### PROBLEM
Transcribe the records below exactly as they appear, omitting any pictures.
(RECORDS TO USE Opens)
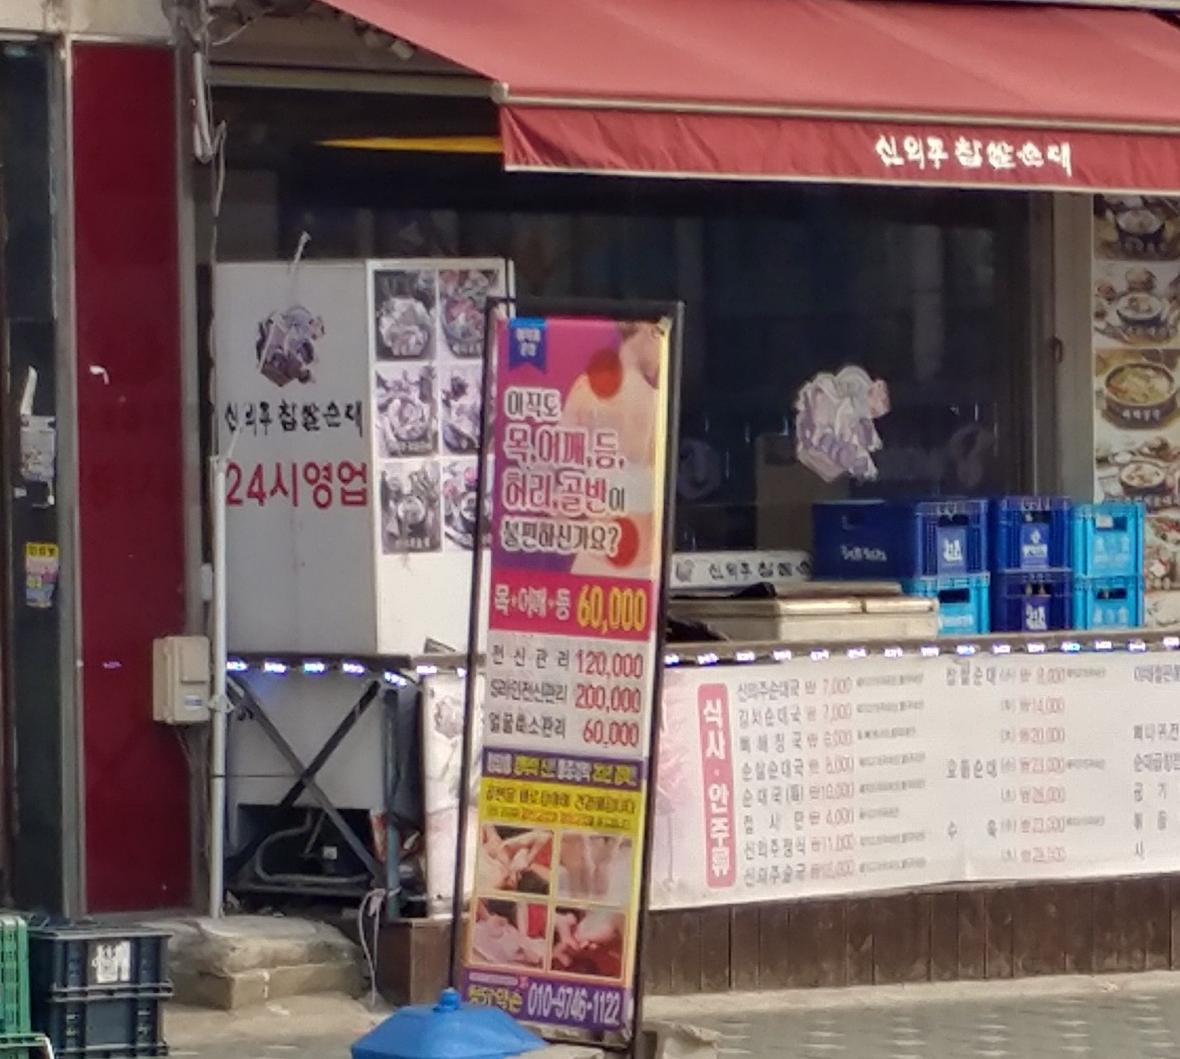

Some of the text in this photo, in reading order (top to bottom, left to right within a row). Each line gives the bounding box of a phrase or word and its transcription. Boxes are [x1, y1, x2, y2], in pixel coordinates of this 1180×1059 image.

[577, 584, 647, 634] 60,000
[575, 649, 643, 679] 120,000
[575, 683, 642, 713] 200,000
[582, 719, 640, 748] 60,000
(RECORDS TO USE Closes)
### EXERCISE ANSWER
Some of the text in this photo, in reading order (top to bottom, left to right within a row). Each line gives the bounding box of a phrase or word and its transcription. Boxes are [x1, y1, x2, y2], in pixel coordinates of this 1180×1059 image.

[577, 584, 647, 634] 60,000
[575, 649, 643, 679] 120,000
[575, 683, 642, 713] 200,000
[582, 719, 640, 748] 60,000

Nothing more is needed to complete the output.